• [EXERCISE REQUIREMENTS]
In duplicating the lines below, keep every word unchanged and drop the pictures.

● ● ● ● ● ● ●

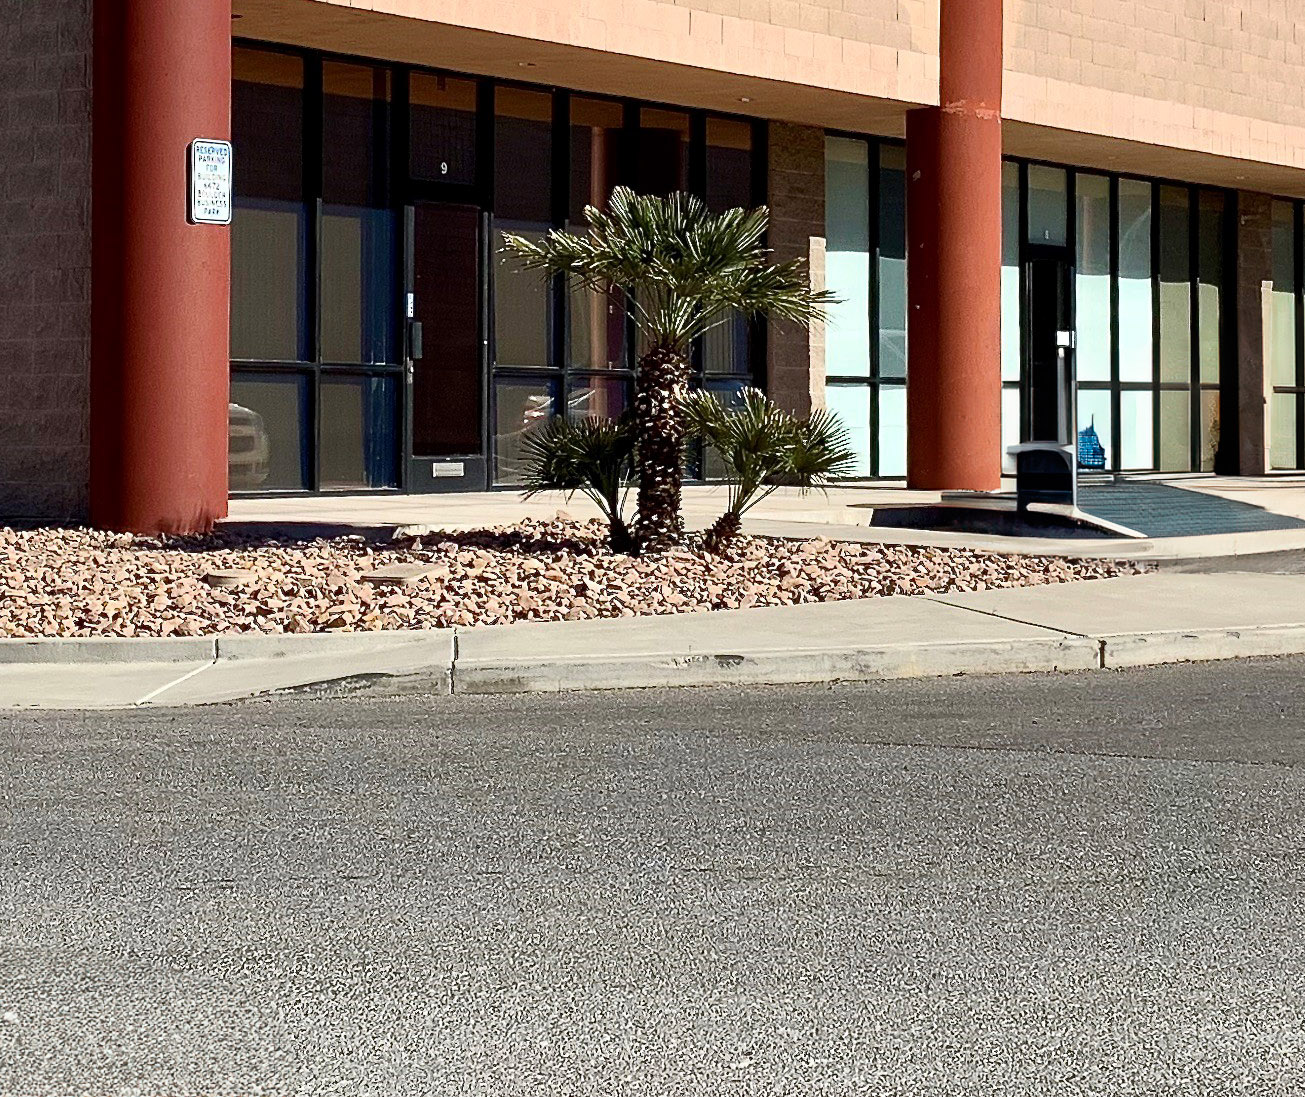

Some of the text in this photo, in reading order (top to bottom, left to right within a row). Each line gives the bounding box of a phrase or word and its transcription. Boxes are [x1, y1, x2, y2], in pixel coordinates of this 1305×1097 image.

[196, 145, 227, 156] RESERVED
[198, 155, 225, 164] PARKING
[206, 164, 217, 172] FOR
[441, 162, 448, 174] 9

● ● ● ● ● ● ●

• [ANSWER SECTION]
Some of the text in this photo, in reading order (top to bottom, left to right within a row). Each line gives the bounding box of a phrase or word and its transcription. Boxes are [x1, y1, x2, y2], in pixel coordinates of this 1305×1097 image.

[196, 145, 227, 156] RESERVED
[198, 155, 225, 164] PARKING
[206, 164, 217, 172] FOR
[441, 162, 448, 174] 9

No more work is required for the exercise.